Jean Rousset : Narcisse romancier

jeudi 14 février 2019, par André Durussel

Sous titré : Essai sur la première personne dans le roman ; Éditions José Corti, 1986

Pour toutes celles et ceux que le domaine de l’autobiographie tient dans ses filets et qui, parfois même sans s’en rendre compte, sont devenu(e)s à leur tour des romanciers du "je", il est fort intéressant de se replonger dans les aspects théoriques de ce thème, tel qu’on le décrivait il y a une quarantaine d’années. Cela à travers les travaux de Gérard Genette (1930-2018) en particulier.
L’ouvrage de Jean Rousset (1910-2002) publié en 1986 chez José Corti, fait l’objet de cette présente recension. Précisons d’emblée que ce "Narcisse" de Jean Rousset n’a que de très lointains rapports avec la mythologie grecque d’où ce prénom est issu.
Jean Rousset, essayiste suisse et spécialiste de la littérature de l’Age baroque en France, a aussi publié Le Mythe de Don Juan chez Armand Colin en 1978.

Plutôt qu’un compte rendu fastidieux de son Narcisse romancier, ainsi que des très nombreuses références à des auteurs d’autrefois dont il cite des extraits, il nous a semblé plus judicieux de relever au passage certaines définitions et énoncés de cet essai consacré à la première personne dans le roman. Ces définitions n’ont rien perdu de leur justesse à l’heure où l’auto-édition est désormais à la portée de chacune et de chacun.

• Tenons pour acquis que la forme autobiographique, à l’état pur, se définit par l’énoncé "je conte mon histoire" : un protagoniste central en fonction de narrateur, et de narrateur de soi-même, qui n’exclut pas les autres de son histoire, mais ne les admet que s’ils entrent dans le champ de son regard, de ses passions, de ses activités ; ces personnages satellites existent par lui et autour de lui. (Op. cit. p.20)
• Le "roman-mémoires", tel qu’il se développe surtout au 18ème siècle, est rétrospectif. il porte sur le révolu.

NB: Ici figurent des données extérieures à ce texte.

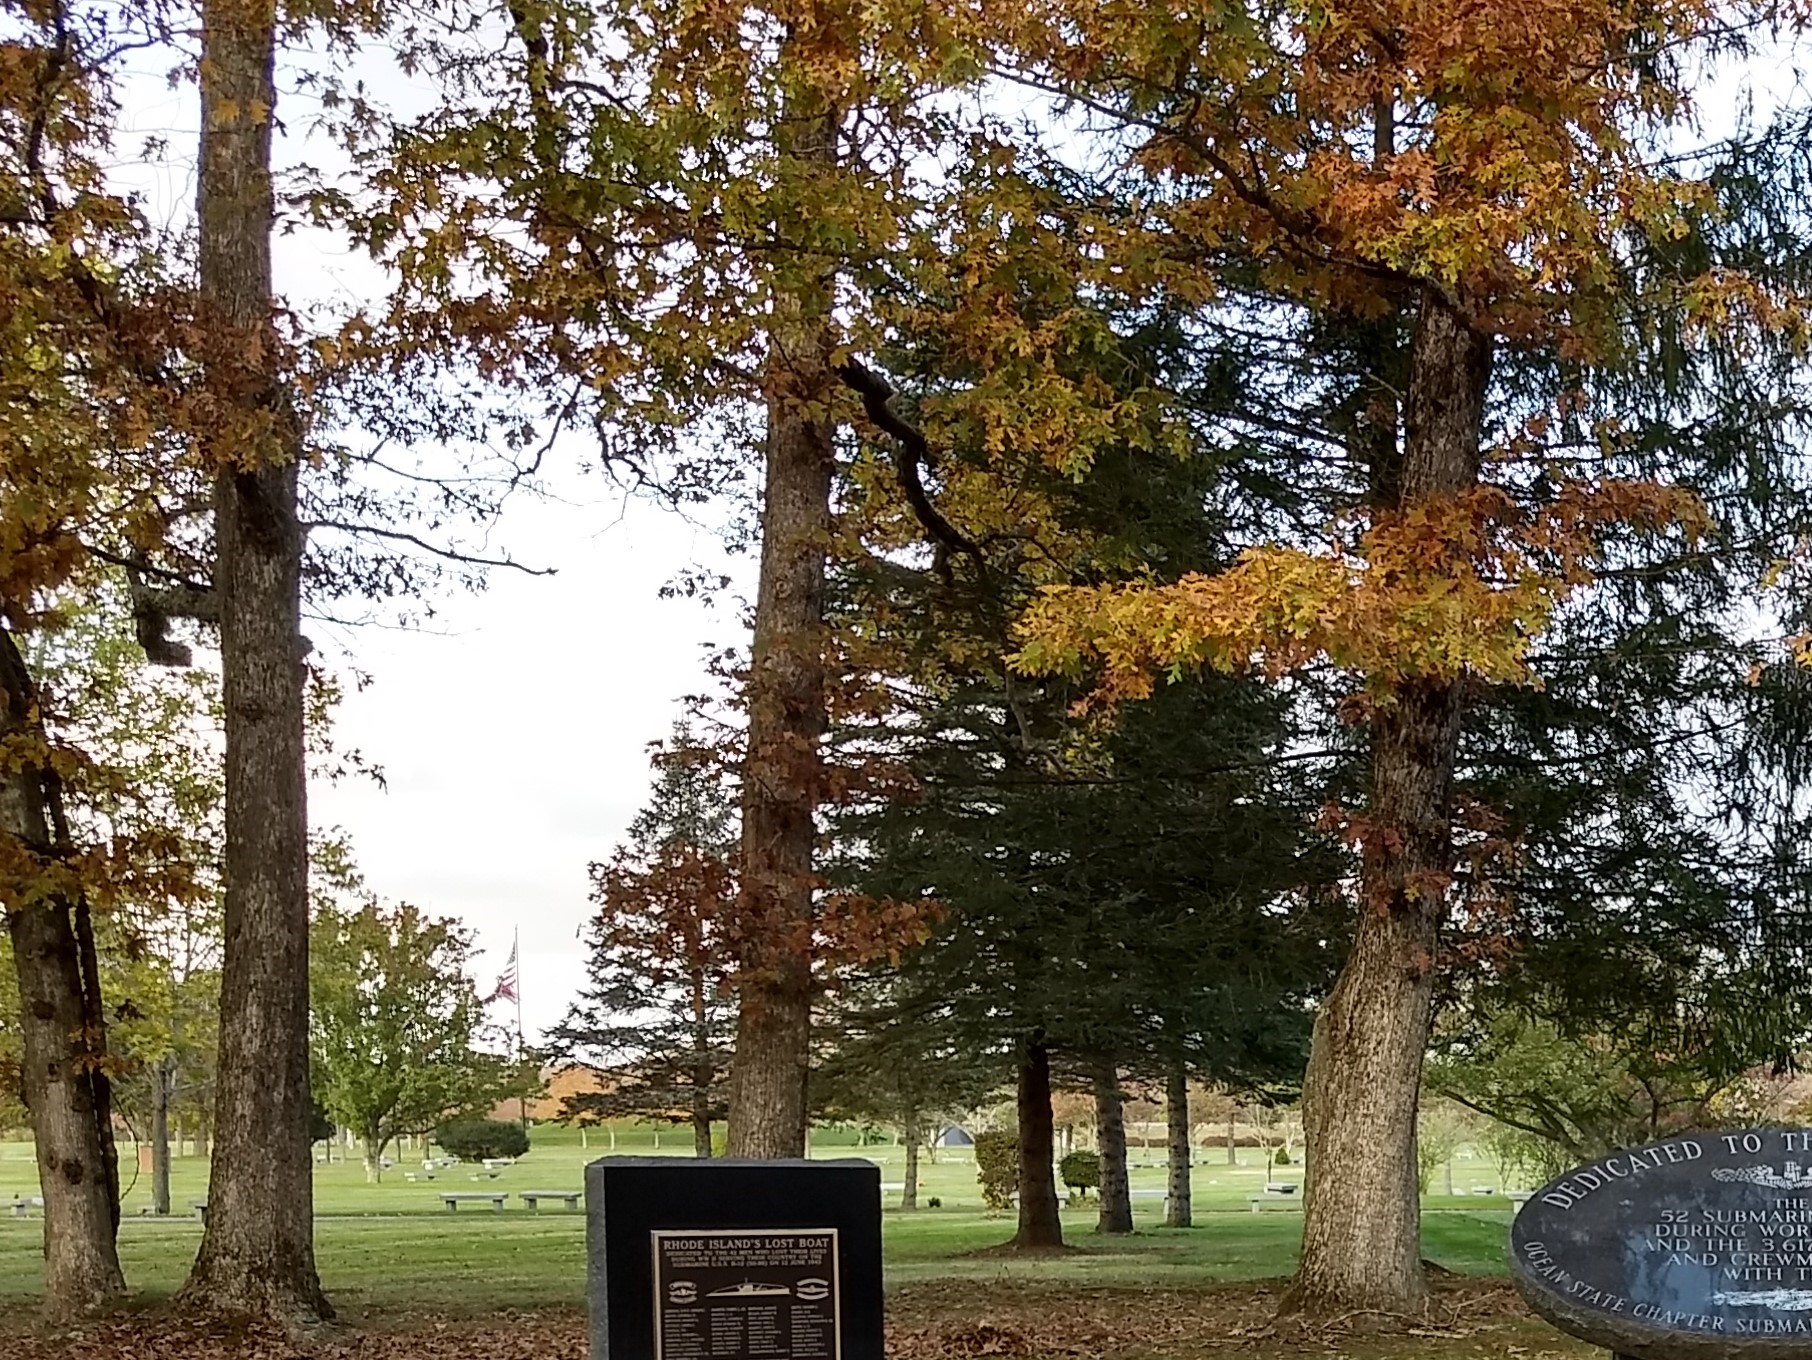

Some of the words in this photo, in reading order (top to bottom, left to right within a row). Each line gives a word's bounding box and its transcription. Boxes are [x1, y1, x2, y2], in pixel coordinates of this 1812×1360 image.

Le présent, par quoi il faut entendre l’époque contemporaine de la rédaction, en est normalement exclu. Le temps de base, malgré la première personne fondatrice, en est le passé simple, celui qui détache l’histoire racontée du moment où on la raconte. (Op. cit. p.23)
• Le fait est connu : certains romanciers feignent de s’effacer derrière une rédaction déjà existante ou supposée -manuscrit ou liasse de lettres retrouvées dans un coffre- qu’ils se bornent à éditer. Cet aspect de la mise en scène dissimulée était fréquente au 18ème siècle. Le narrateur passe ainsi à l’intérieur du récit, il en occupe le centre, il rend visible l’origine du livre, dans lequel il ne cesse de se montrer parlant ou écrivant. La singularité du roman marivaudien et sa logique interne en représentent un bel exemple. (Op. cit. p.103)
• C’est une conséquence du parti [ou pacte] autobiographique que ce déséquilibre radical dans la balance des acteurs : l’un est sujet, tous les autres sont objets et l’on renonce d’emblée à un éclairage également réparti ; l’injustice est inhérente à cet ordre narratif qui se présente comme un système monarchique ou solaire […] d’où émane l’énergie et des satellites tournant autour de cette source unique, éclairée un instant, puis rentrant dans l’ombre dès que le conteur ne s’occupe plus d’eux, parce qu’il ne peut les garder tous à la fois dans son champ visuel. (Op.cit.p.110)

Signalons enfin ici que ce procédé d’effacement derrière une rédaction déjà existante est encore pratiqué de nos jours. Par exemple, le roman thérapeutique intitulé Nuit blanche de Pierre Gutwirth, publié en 2013 aux Éditions Pierre Philippe, à Genève et Paris, consacre ses onze premières pages, intitulées Le Manuscrit, à cet effacement, par l’intermédiaire d’une employée de La Poste prénommée Mélodie, qui va passer une nuit blanche à lire ce manuscrit qu’elle a réceptionné au guichet et emporté à son domicile.